There has been a lot of criticism surrounding the issue with training data and AIs, specifically how AI companies are accused of using copyrighted data without the consent of the creator. With the startup company Vana, users will be able to initiate their data's use, and they will be compensated for it.
Vana Helps You Sell Your Data for AI
Established back in 2021, the startup was founded by Anna Kazlauskas and Art Abal, who met each other at the MIT Media Lab. Kazlauskas studied computer science and economics at MIT while Abal is a corporate lawyer by training and education and an associate at The Cadmus Group.
The two built a platform where people can collectively store their data such as chats, audio, and photos, and compile them into datasets that can be used as training data for generative AI. "Vana's infrastructure in effect creates a user-owned data treasury," Kazlauskas said.
"It does this by allowing users to aggregate their personal data in a non-custodial way," as mentioned in Tech Crunch, which means that the users who own the data will still have control over it even though AI companies will use them to train LLMs.
Anyone can participate in the practice of selling data. All they have to do is create an account with Vana, and after confirming their email, they can arrach data to a digital avatar and explore the apps that use Vana's platform and datasets.
In more good news, the company has already addressed the possibility of mishandling the payments provided by the companies that will use the datasets. Kazlauskas explained that Vana users gave the option to self-host their data instead of storing it in the company's servers.
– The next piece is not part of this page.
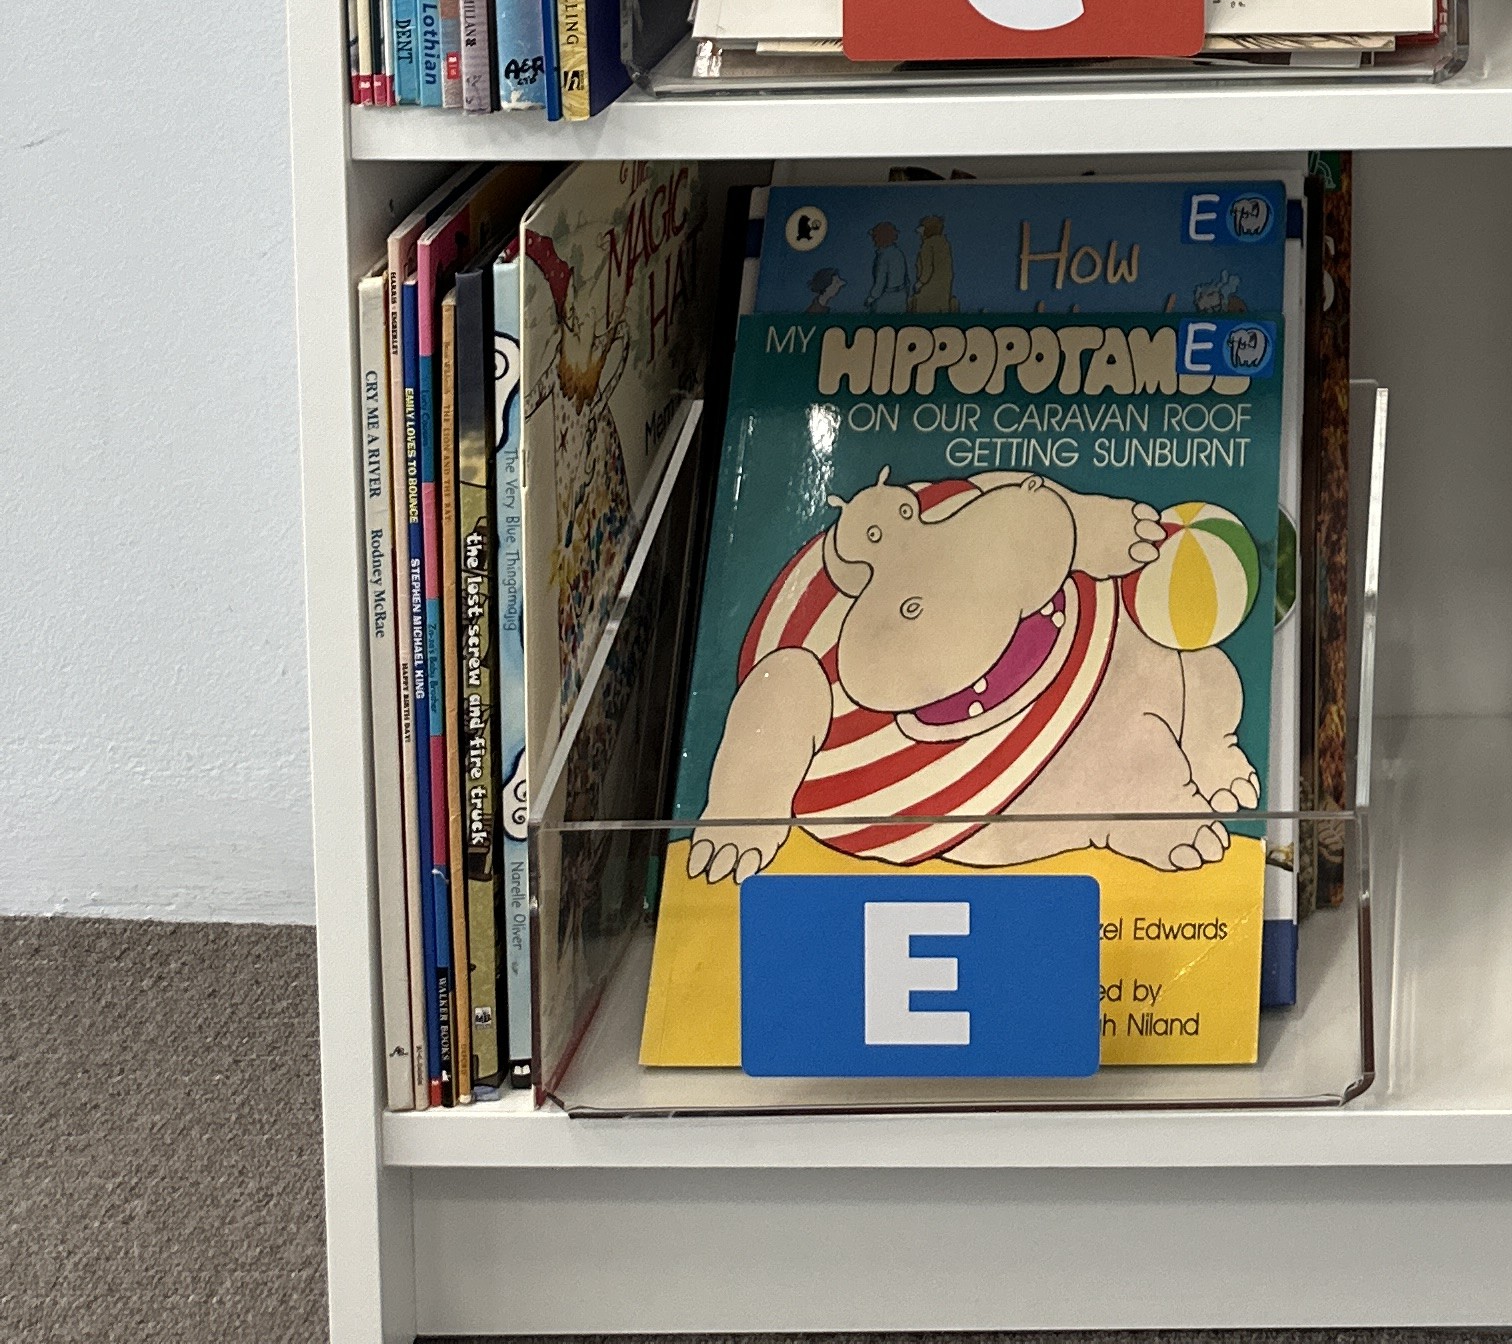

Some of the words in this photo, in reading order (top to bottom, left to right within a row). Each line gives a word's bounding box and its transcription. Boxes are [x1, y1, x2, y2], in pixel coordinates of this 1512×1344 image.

Since the service will be subscription-based, which starts at $3.99 along with a data transaction fee, the developers will gain nothing if they exploit users and the data they have to offer. For now, users who intend to sell their data can start with their Reddit posts.
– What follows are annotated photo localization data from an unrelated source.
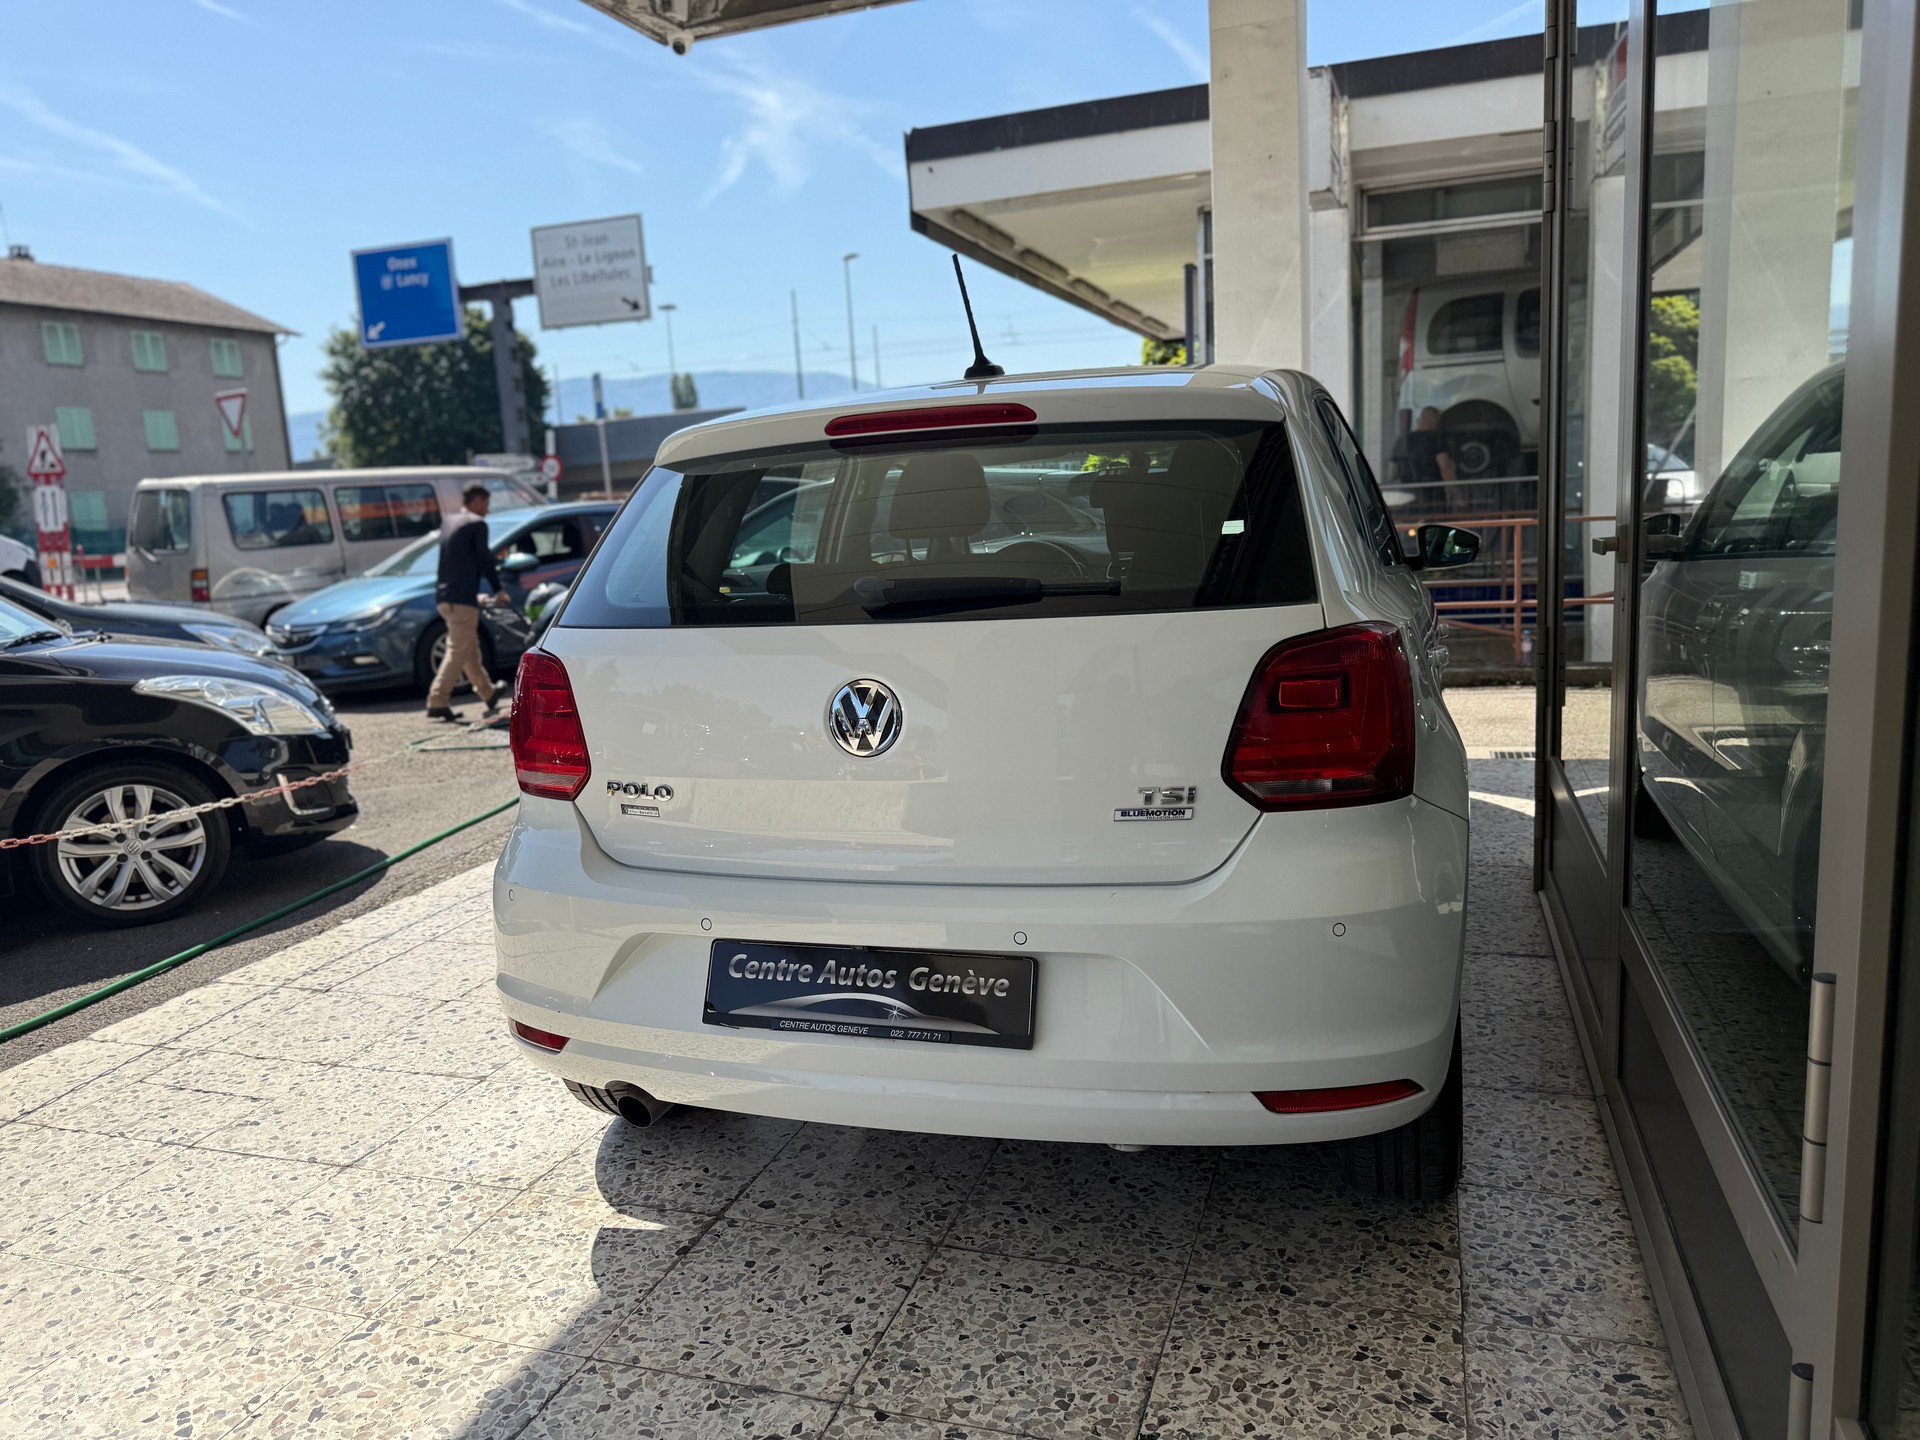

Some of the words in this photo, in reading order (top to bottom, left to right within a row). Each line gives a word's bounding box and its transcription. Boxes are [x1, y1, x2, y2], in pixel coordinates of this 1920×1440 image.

[563, 233, 577, 249] St
[581, 233, 609, 248] Jean
[577, 252, 591, 266] Le
[594, 248, 636, 266] Lignon
[549, 275, 570, 289] Les
[606, 780, 675, 802] POLO
[1120, 809, 1186, 817] BLUEMOTION
[728, 953, 813, 983] Centre
[816, 959, 896, 989] Autos
[908, 967, 1010, 997] Genève
[779, 1020, 810, 1031] CENTRE
[810, 1023, 836, 1032] AUTOS
[837, 1025, 869, 1035] GENEVE
[890, 1029, 903, 1038] 022
[907, 1031, 920, 1039] 777
[922, 1032, 931, 1040] 71
[933, 1032, 942, 1041] 71
The company has already launched the Reddit Data DAO, which stands for Digital Autonomous Organization. It pools multiple users' data and allows users to decide how it will be used. This will affect how the combined data will be licensed for profit.
Unfortunately. Reddit is not exactly pumped about the idea. The company has already banned the subreddit dedicated to discussing DAO, and a Reddit spokesperson accused Vana of exploiting its data export system.
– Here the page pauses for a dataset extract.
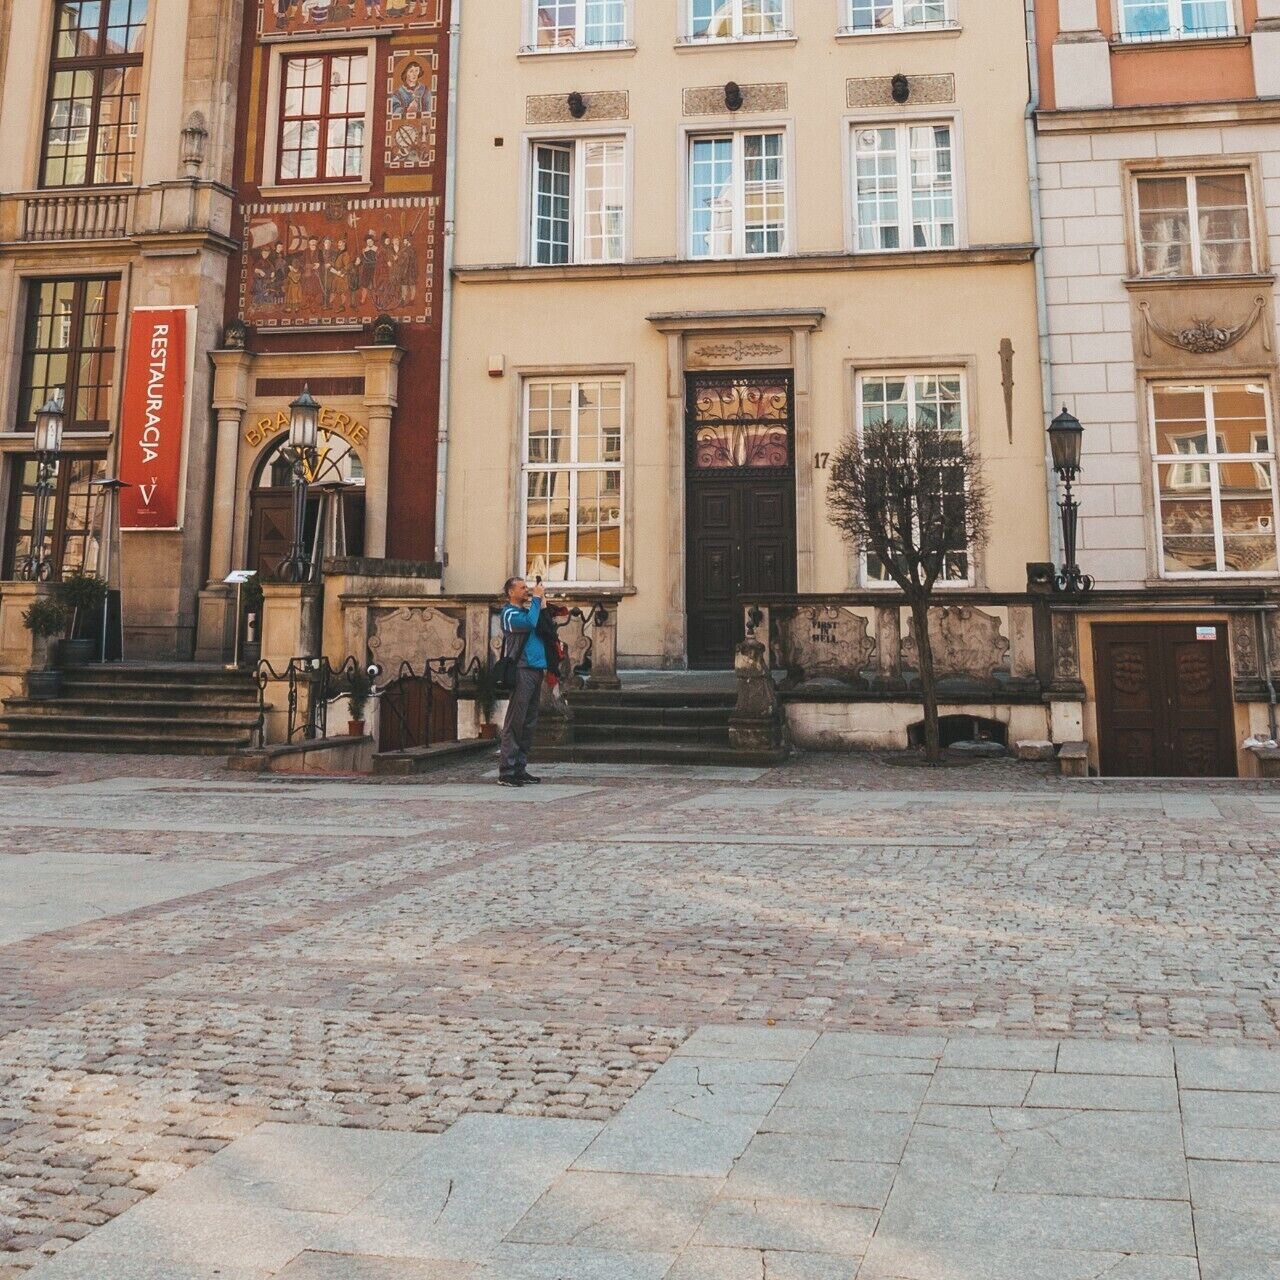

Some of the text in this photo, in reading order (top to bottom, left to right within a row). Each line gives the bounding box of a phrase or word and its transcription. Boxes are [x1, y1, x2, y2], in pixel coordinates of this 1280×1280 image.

[139, 324, 169, 464] RESTAURACJA
[245, 407, 369, 448] BRAERIE
[814, 452, 830, 469] 17
Why This Could Be a Good Start
Right now, the way licensing for training data works still needs a little bit of work. Mostly, it's because there's no definite framework for the practice, so there is no fixed system on what kind of data should be used and how much the compensation could be.
With companies like Vana, users will be able to earn as AI models use their data, which AI companies allegedly do already anyway. It also skips the complicated steps as Vana will act as the middleman who will take care of all the processing of transactions.